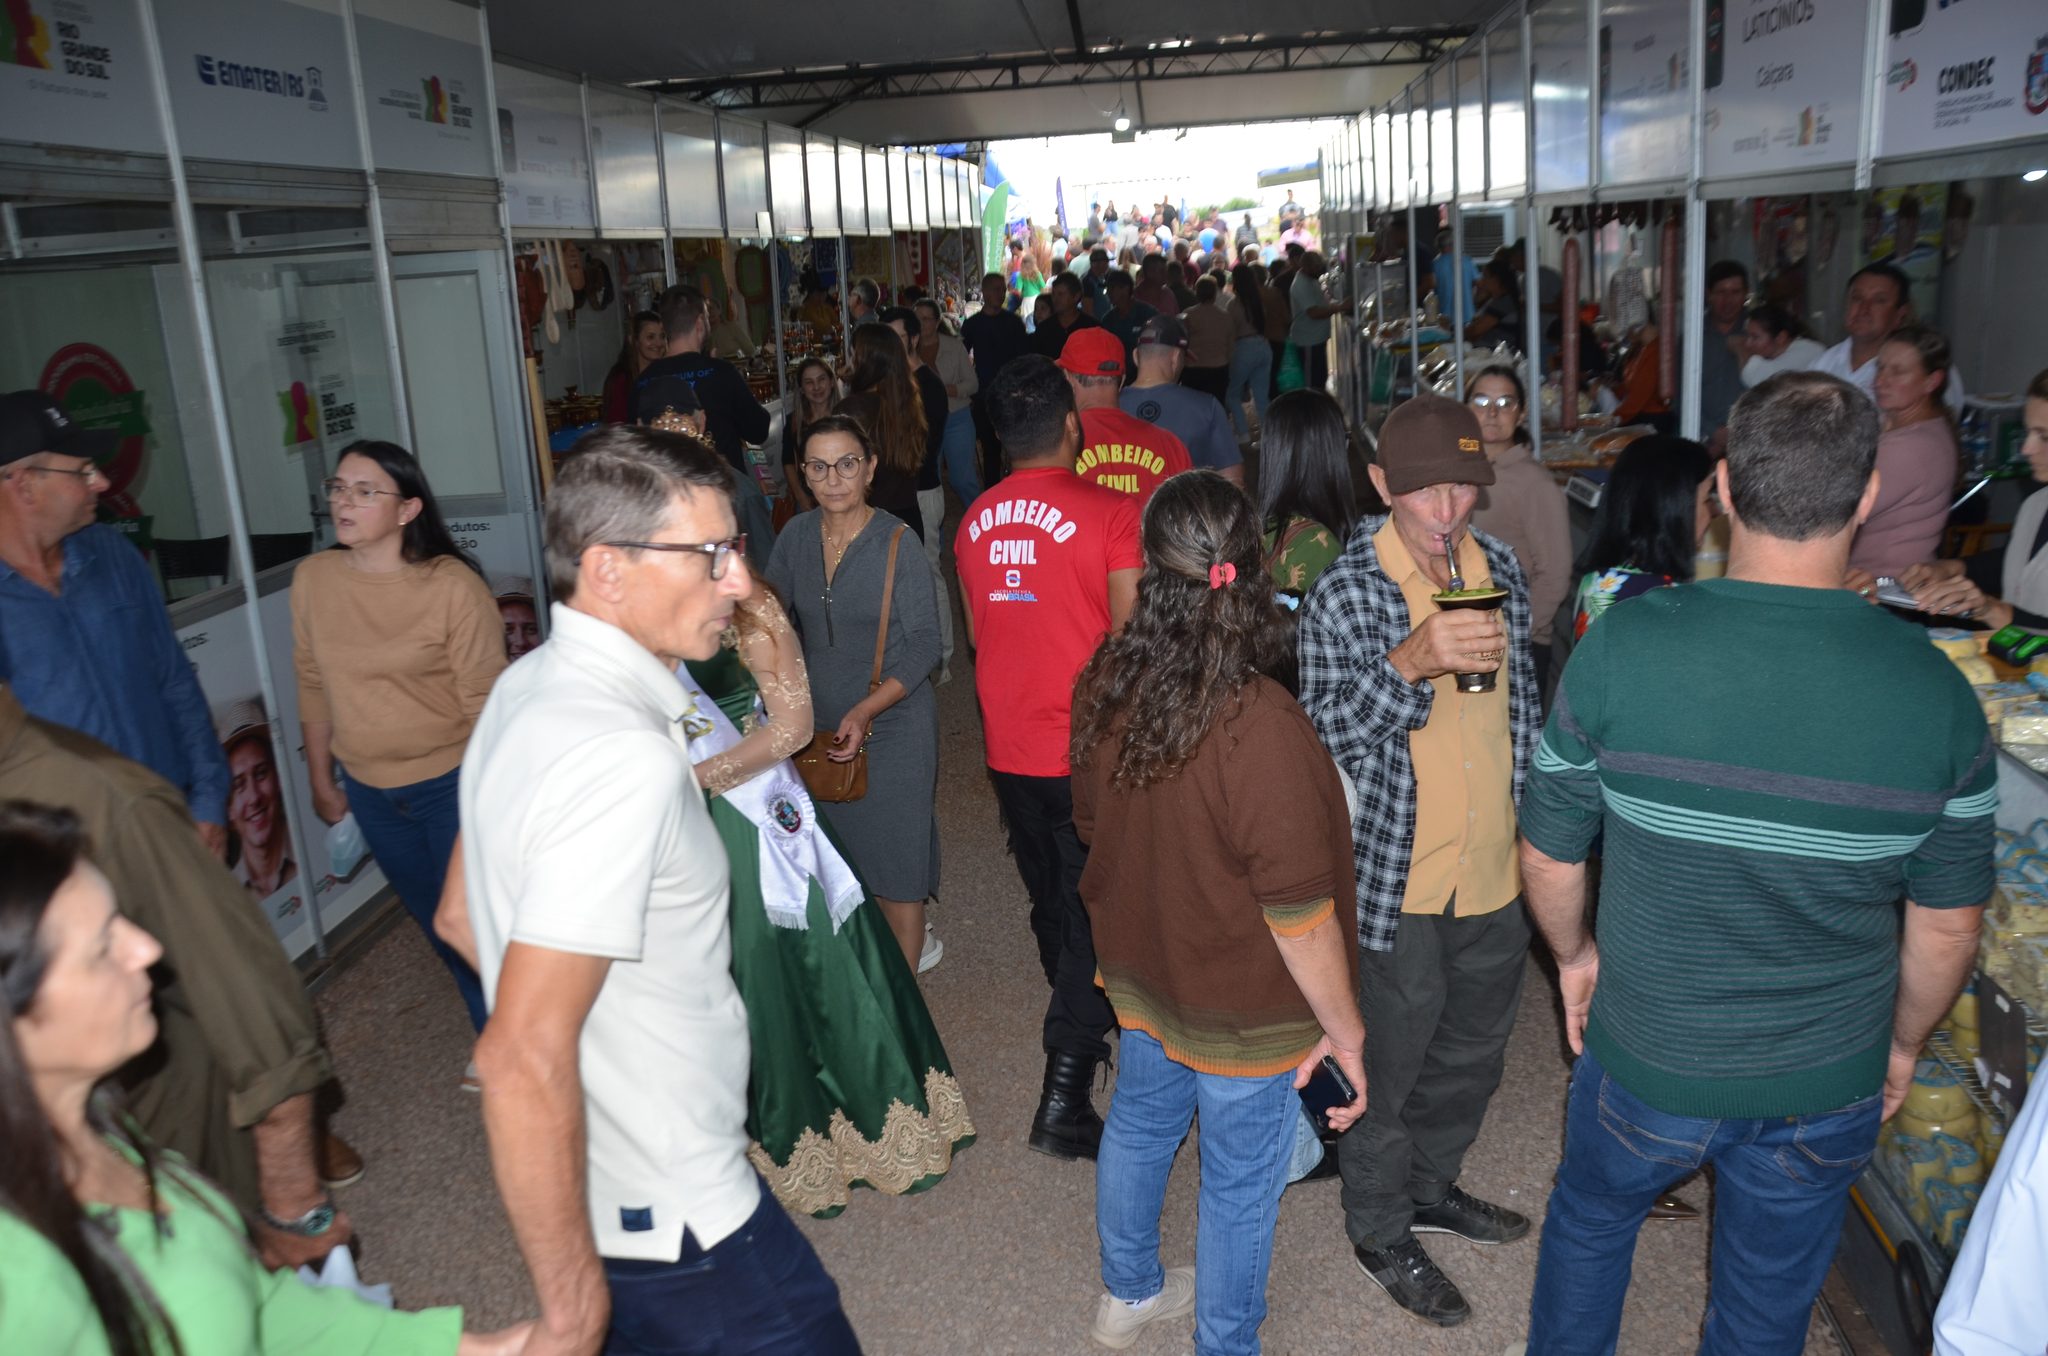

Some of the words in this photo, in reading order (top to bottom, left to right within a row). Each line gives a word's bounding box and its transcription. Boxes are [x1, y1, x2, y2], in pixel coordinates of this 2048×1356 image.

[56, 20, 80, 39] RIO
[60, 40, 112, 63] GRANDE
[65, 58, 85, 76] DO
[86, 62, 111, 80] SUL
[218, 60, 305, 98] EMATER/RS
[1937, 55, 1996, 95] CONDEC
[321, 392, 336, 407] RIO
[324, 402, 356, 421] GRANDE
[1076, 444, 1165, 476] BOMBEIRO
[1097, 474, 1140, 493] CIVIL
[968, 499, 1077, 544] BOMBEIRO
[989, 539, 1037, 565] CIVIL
------------------------------------------------
= Assignment =
Every record above needs to be repeated exactly; pictures are to be left out.

= Output of the exercise =
Some of the words in this photo, in reading order (top to bottom, left to right within a row). Each line gives a word's bounding box and its transcription. Boxes are [x1, y1, x2, y2], in pixel coordinates of this 2048×1356 image.

[56, 20, 80, 39] RIO
[60, 40, 112, 63] GRANDE
[65, 58, 85, 76] DO
[86, 62, 111, 80] SUL
[218, 60, 305, 98] EMATER/RS
[1937, 55, 1996, 95] CONDEC
[321, 392, 336, 407] RIO
[324, 402, 356, 421] GRANDE
[1076, 444, 1165, 476] BOMBEIRO
[1097, 474, 1140, 493] CIVIL
[968, 499, 1077, 544] BOMBEIRO
[989, 539, 1037, 565] CIVIL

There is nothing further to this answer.